┏━━

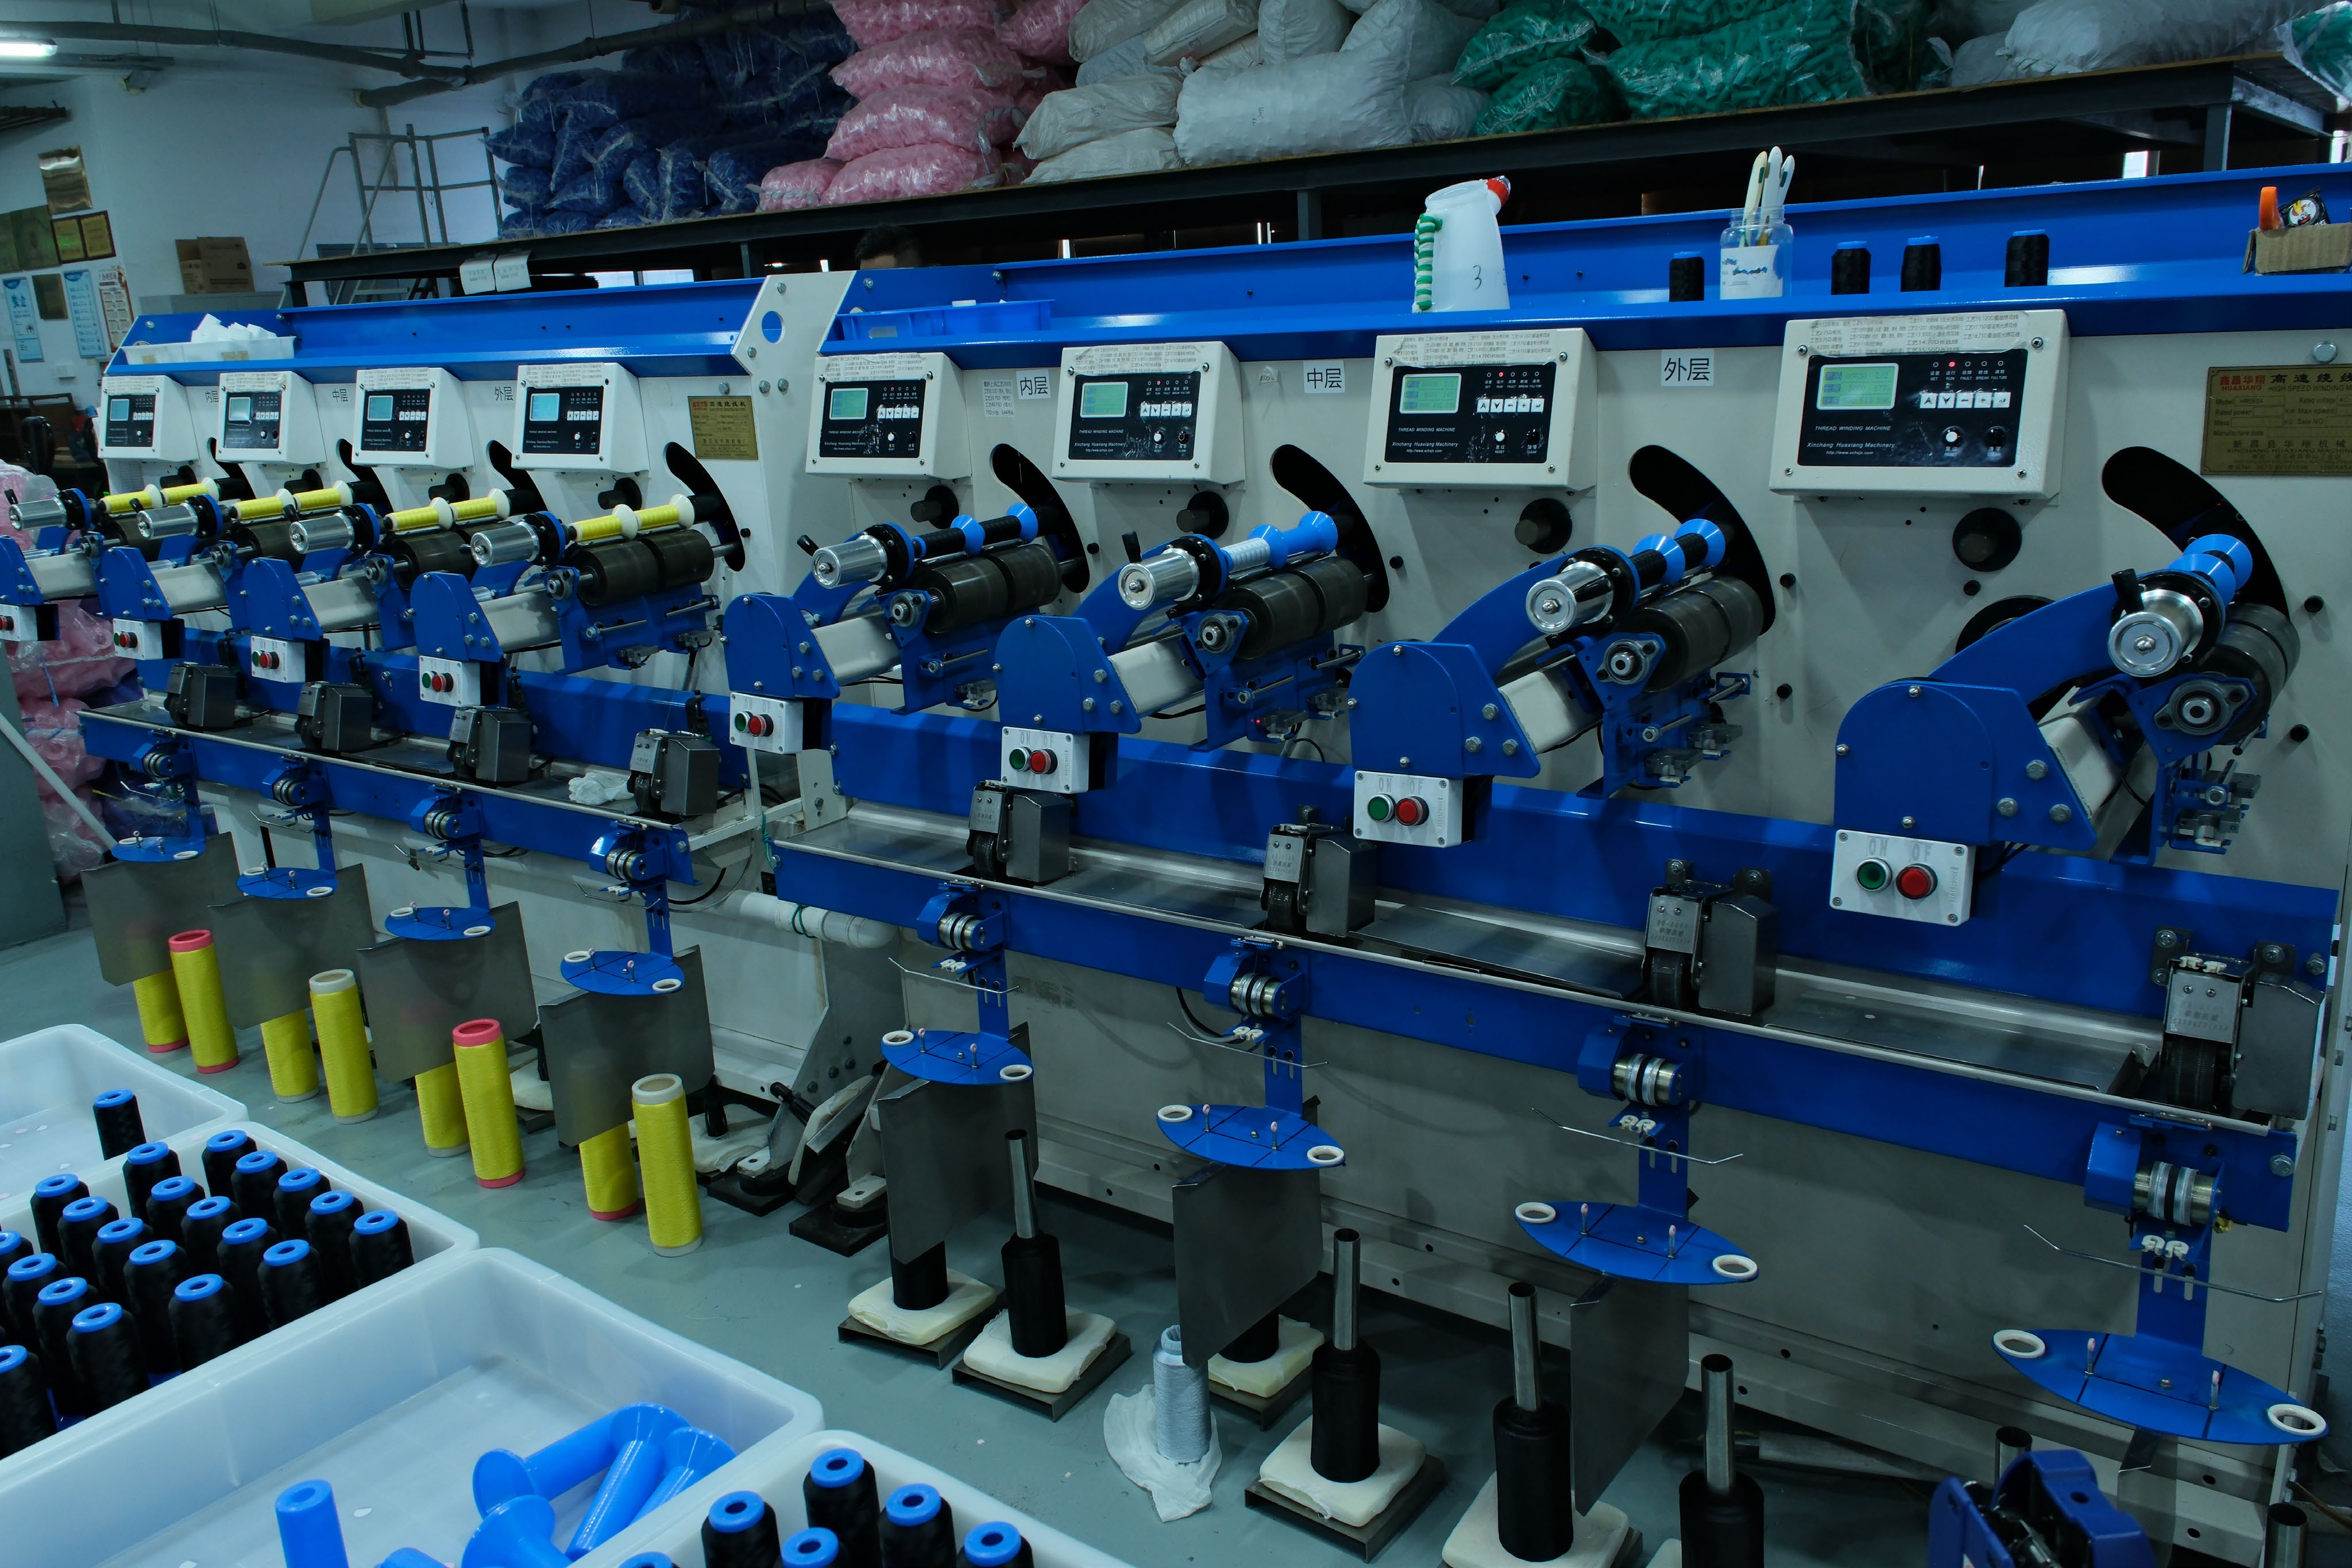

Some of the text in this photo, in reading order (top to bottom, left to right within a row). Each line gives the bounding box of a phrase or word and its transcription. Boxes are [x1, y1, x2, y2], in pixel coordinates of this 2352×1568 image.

[1472, 264, 1482, 290] 3
[1307, 368, 1342, 389] 中层
[1664, 358, 1710, 381] 外层
[495, 386, 514, 401] 外层
[1019, 377, 1049, 396] 内层
[205, 391, 219, 403] 内层
[332, 389, 349, 403] 中层
[1379, 777, 1392, 793] ON
[1869, 839, 1888, 857] ON

┗━━

**Assigned task**
All records above must be output exactly as they stand, excluding pictures.

**Solution below**
Some of the text in this photo, in reading order (top to bottom, left to right within a row). Each line gives the bounding box of a phrase or word and its transcription. Boxes are [x1, y1, x2, y2], in pixel coordinates of this 2352×1568 image.

[1472, 264, 1482, 290] 3
[1307, 368, 1342, 389] 中层
[1664, 358, 1710, 381] 外层
[495, 386, 514, 401] 外层
[1019, 377, 1049, 396] 内层
[205, 391, 219, 403] 内层
[332, 389, 349, 403] 中层
[1379, 777, 1392, 793] ON
[1869, 839, 1888, 857] ON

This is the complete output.